Step 1.3: corpus C with all words in statistical word set Vocab outside text ¹ The number of occurrences in (1), i.e. word frequency, is less than or equal to the lower frequency limit F ₁ Or greater than or equal to the upper frequency limit F ₂ Deleting the word frequency to obtain a filtered word frequency set; sorting the filtered word frequency sets in a descending order, and constructing a Huffman tree T for the sorted word frequency sets;

step 1.4 initialize m =0;

step 1.5: setting window size to window, traversing text external corpus C ¹ M-th text d _m And obtaining the current ith word

Is greater than or equal to>

The known current word is calculated by equation (1) as

When it is predicted that its context is->

Conditional probability of (2)

In the formula (1), u represents a context

Any word in it, is taken up or taken off>

Indicating that the current word is known to be pick>

in the formula (2), H is the height of Huffman tree T, d _h The h-th leaf node in the path from the root node to the leaf node corresponding to the word u corresponds to the h-th digit in the Huffman code; theta _h Leaves corresponding to the root node to the word uThe parameters corresponding to the h leaf node in the path between the nodes;

calculating the ith word using equation (3)

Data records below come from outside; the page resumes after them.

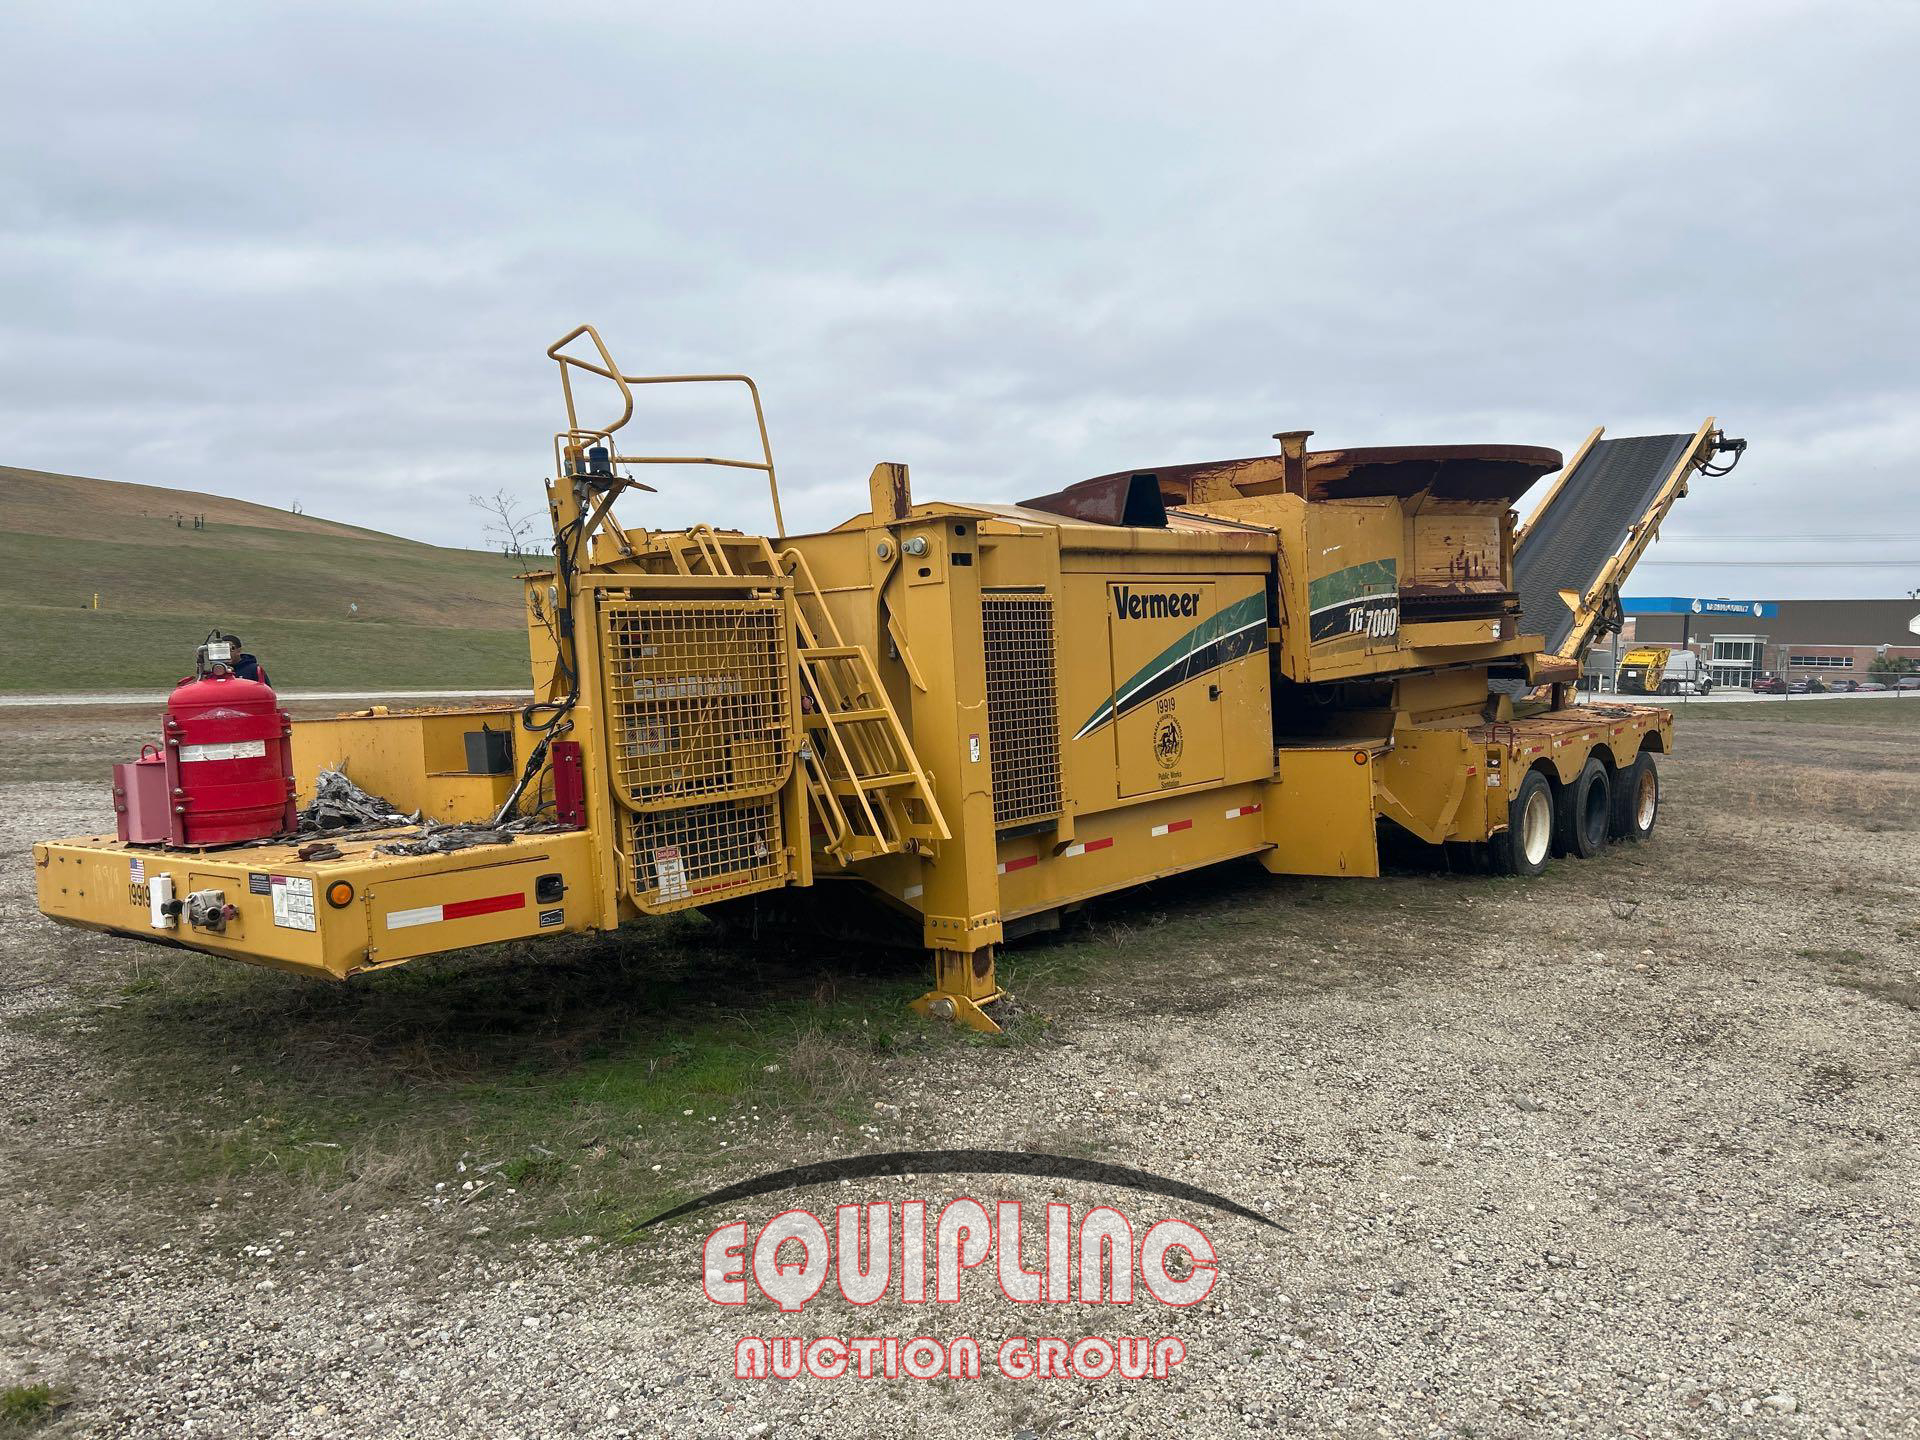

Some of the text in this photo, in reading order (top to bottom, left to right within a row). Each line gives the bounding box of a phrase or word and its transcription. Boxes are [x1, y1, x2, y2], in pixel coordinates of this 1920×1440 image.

[1113, 586, 1199, 619] Vermeer
[1349, 607, 1397, 639] TG 7000
[1156, 697, 1176, 714] 19919
[128, 883, 151, 908] 19919
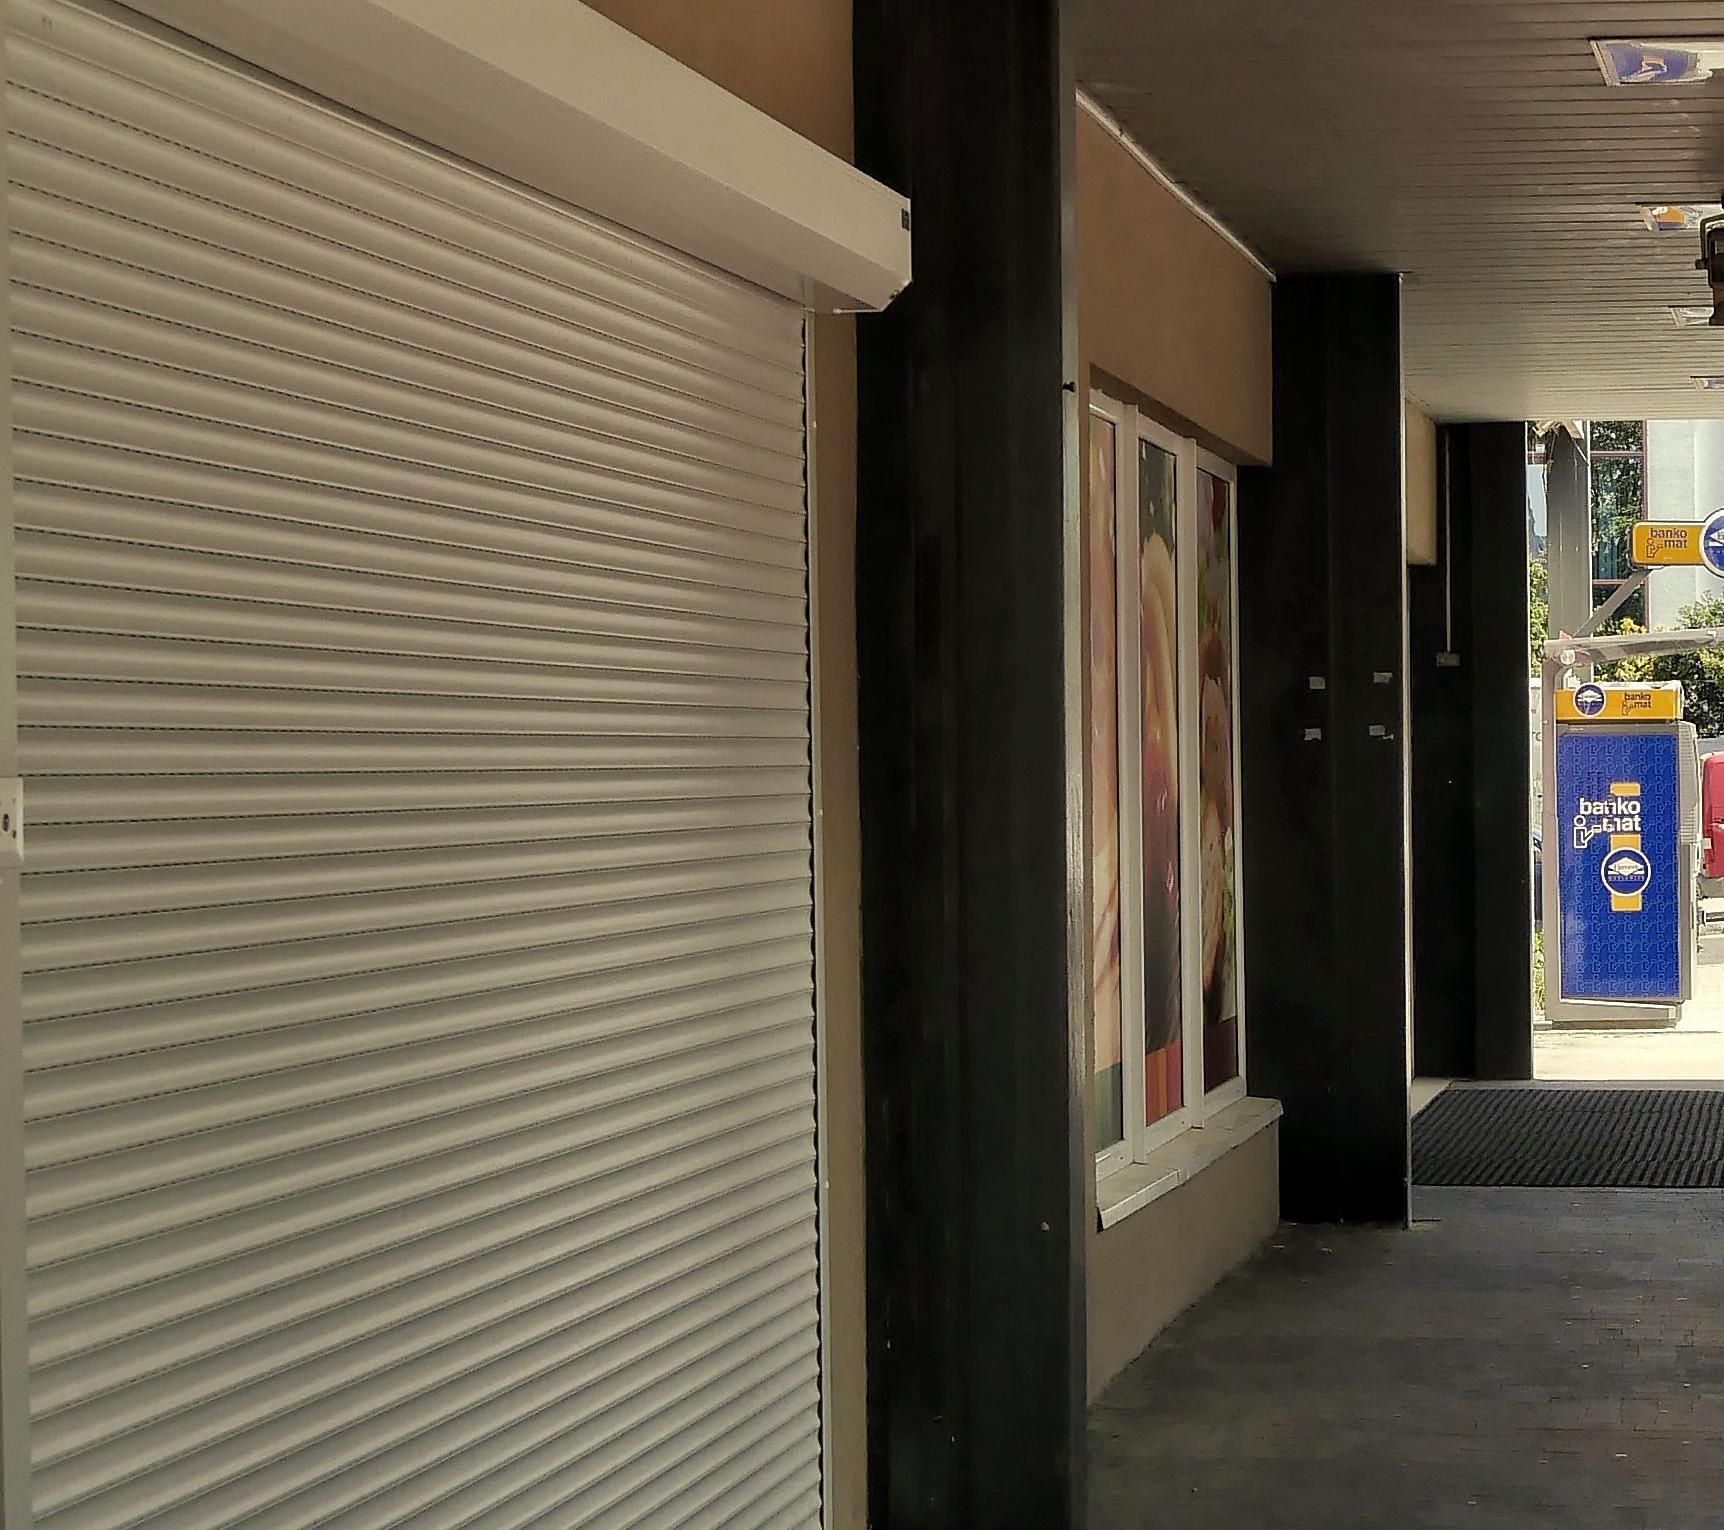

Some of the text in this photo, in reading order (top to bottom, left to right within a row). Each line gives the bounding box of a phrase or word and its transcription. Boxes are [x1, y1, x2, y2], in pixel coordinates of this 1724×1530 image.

Is greater than or equal to>

At the parameter theta _h By the action of (3) a h-th digit d _h Has a probability of->

In formula (3), σ (·) represents an excitation function;

step 1.6: calculating probability using equation (4)

Is greater than or equal to the maximum likelihood function->

/>

Step 1.7: for maximum likelihood function

Parameter θ of _h And word vector pick>

To obtain an updated parameter theta' _j And word vector pick>

step 1.8: and assigning M +1 to M, and returning to the step 1.5 until M is greater than M, so as to obtain a final word vector Vec.

In this embodiment, a word2vec model containing word vectors as shown in table 1 is trained from an external corpus. Where the feature dimension =50, the vocab size =171678.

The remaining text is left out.